§ **Your instructions**
Omit every picture and return the rest of the data unaltered.
====== Records for processing
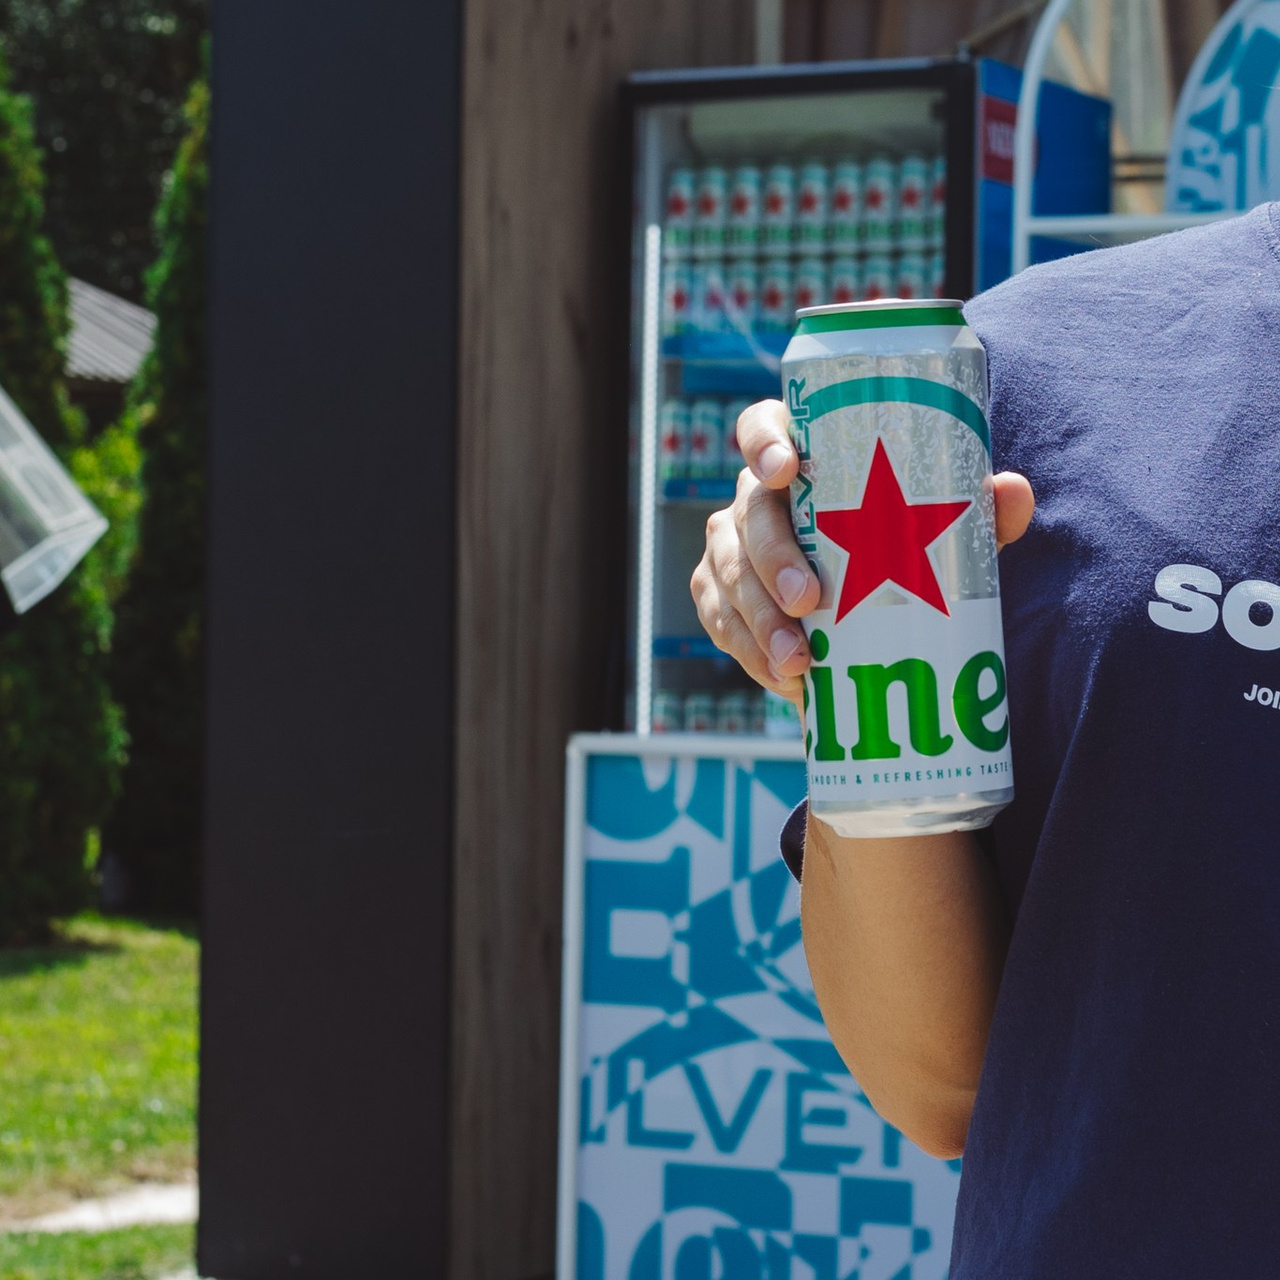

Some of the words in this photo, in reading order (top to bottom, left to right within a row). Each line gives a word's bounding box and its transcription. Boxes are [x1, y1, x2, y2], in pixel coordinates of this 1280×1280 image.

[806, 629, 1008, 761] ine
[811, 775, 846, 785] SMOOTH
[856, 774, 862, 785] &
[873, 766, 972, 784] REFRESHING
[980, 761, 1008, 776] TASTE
============
§ **Answer to the problem**
Some of the words in this photo, in reading order (top to bottom, left to right within a row). Each line gives a word's bounding box and its transcription. Boxes are [x1, y1, x2, y2], in pixel coordinates of this 1280×1280 image.

[806, 629, 1008, 761] ine
[811, 775, 846, 785] SMOOTH
[856, 774, 862, 785] &
[873, 766, 972, 784] REFRESHING
[980, 761, 1008, 776] TASTE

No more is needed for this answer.